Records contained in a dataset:
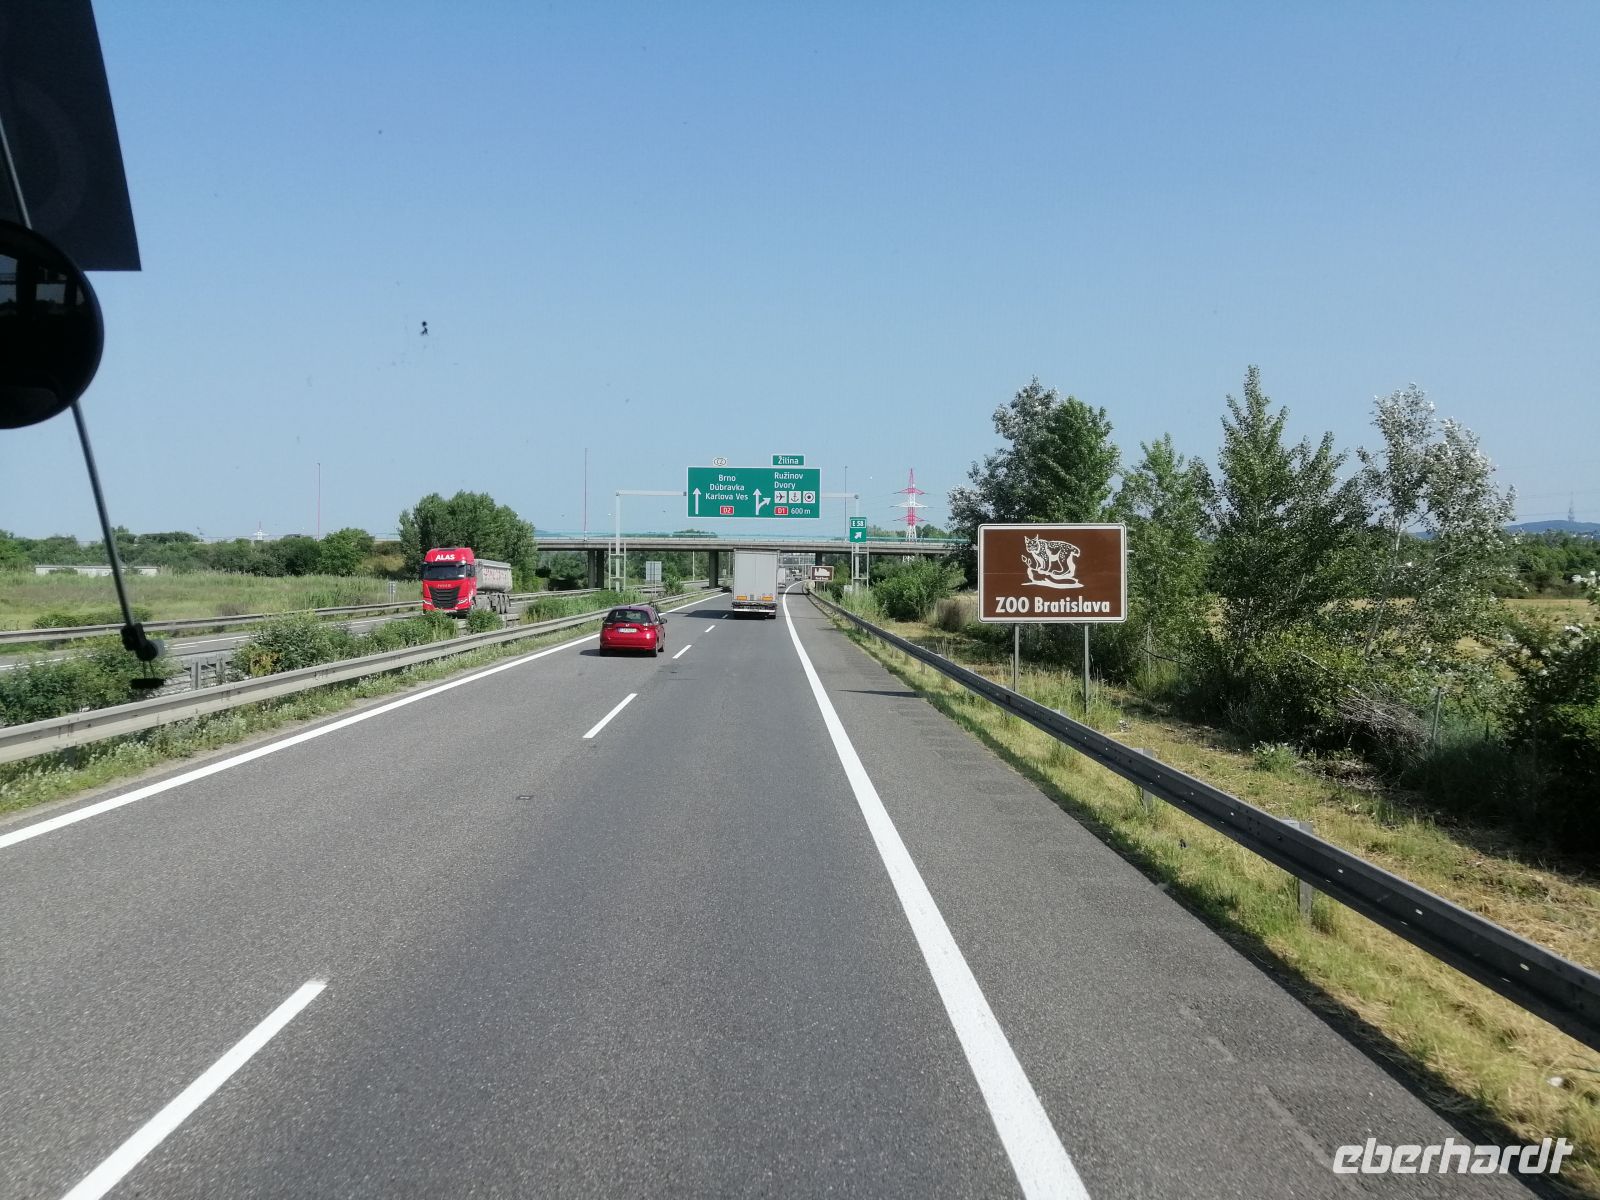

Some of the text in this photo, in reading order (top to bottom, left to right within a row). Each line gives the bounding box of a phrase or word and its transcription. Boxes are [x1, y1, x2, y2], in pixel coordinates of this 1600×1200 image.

[777, 455, 799, 465] Žilina
[709, 482, 745, 491] Dúbravka
[774, 481, 795, 489] Dvory
[705, 492, 749, 500] Karlova Ves
[790, 507, 803, 515] 600
[995, 595, 1110, 614] ZOO Bratislava

The problem:
Your output must match the records word for word, apart from the images, which are left out.

Solution to this exercise:
Some of the text in this photo, in reading order (top to bottom, left to right within a row). Each line gives the bounding box of a phrase or word and its transcription. Boxes are [x1, y1, x2, y2], in pixel coordinates of this 1600×1200 image.

[777, 455, 799, 465] Žilina
[709, 482, 745, 491] Dúbravka
[774, 481, 795, 489] Dvory
[705, 492, 749, 500] Karlova Ves
[790, 507, 803, 515] 600
[995, 595, 1110, 614] ZOO Bratislava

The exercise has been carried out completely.